Vanuit de stad, waar overal het vrolijke geluid klinkt van dravende paarden die rijtuigen volgepakt met passagiers naar hun doel brengen, fietsen wij naar het fraaie strand van La Boca. Dit is de perfecte plek om energie op te doen voor de volgende dag als we acht kilometer zullen stijgen naar de Topes de Collantes. Op deze helling blijkt hoe prettig het is dat de bus achter ons aan rijdt, zodat afvallers nooit het nakijken hebben. Hoog boven in de bergen wandelen we door het tropisch woud met reuzenvarens, watervallen, overhangende rotspartijen en een uitbundige flora.

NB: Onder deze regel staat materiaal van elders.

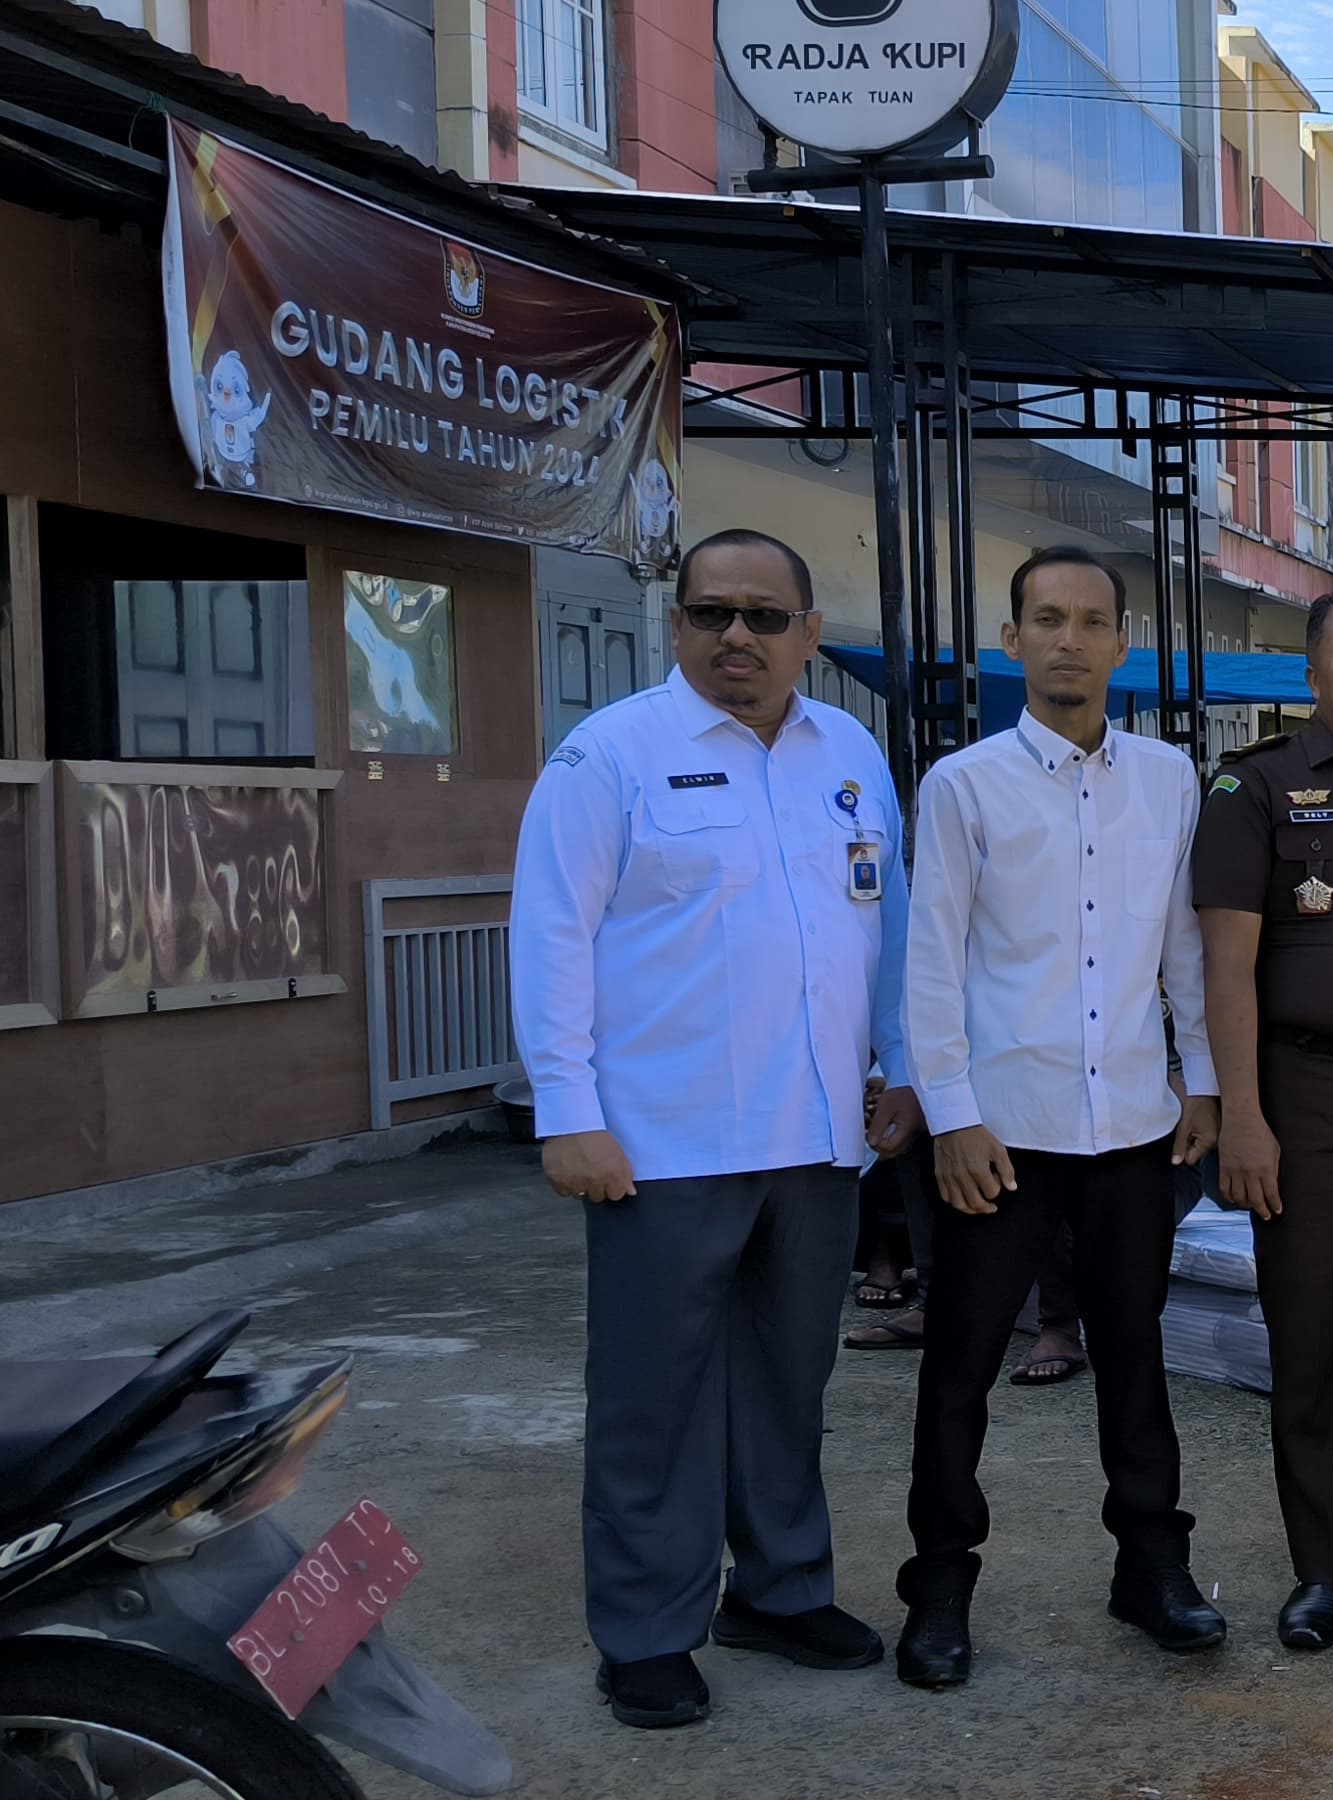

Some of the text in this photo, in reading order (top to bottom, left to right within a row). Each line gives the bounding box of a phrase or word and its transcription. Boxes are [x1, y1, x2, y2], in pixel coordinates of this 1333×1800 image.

Daarna hebben we tot aan Santa Clara een bijzonder mooi traject voor de boeg, door bergen en dorpen. We sluiten de rondrit af in Havana. Van Regla, via het oude stadshart Habana Vieja, bereiken we het duurdere Miramar. De gevels vormen een bonte stoet aan stijlen. De grauwheid van Sovjet-flats wordt afgewisseld door de vergane glorie van villa’s uit het decadente tijdperk van de rijke Amerikanen, zoals gangster Al Capone. Als een oldtimer met het opschrift ‘fantasiereizen’ passeert, bevangt mij het gevoel dat dit de laatste kans is om Castro’s Cuba zelf te ervaren. Het is een reis terug in de tijd. Niets beter dan op de fiets.

Info over Cuba:

Karin Anema maakte met Djoser de 18-daagse fietsreis op Cuba.

DE BESTE REISTIJD:
Droge periode: oktober tot april. Mei tot september af en toe een bui.

ZWAARTE VAN DE ROUTE:
Fietsen in vlak tot heuvelachtig gebied. Goede conditie nodig.

OVERNACHTINGEN:
Goede middenklasse hotels.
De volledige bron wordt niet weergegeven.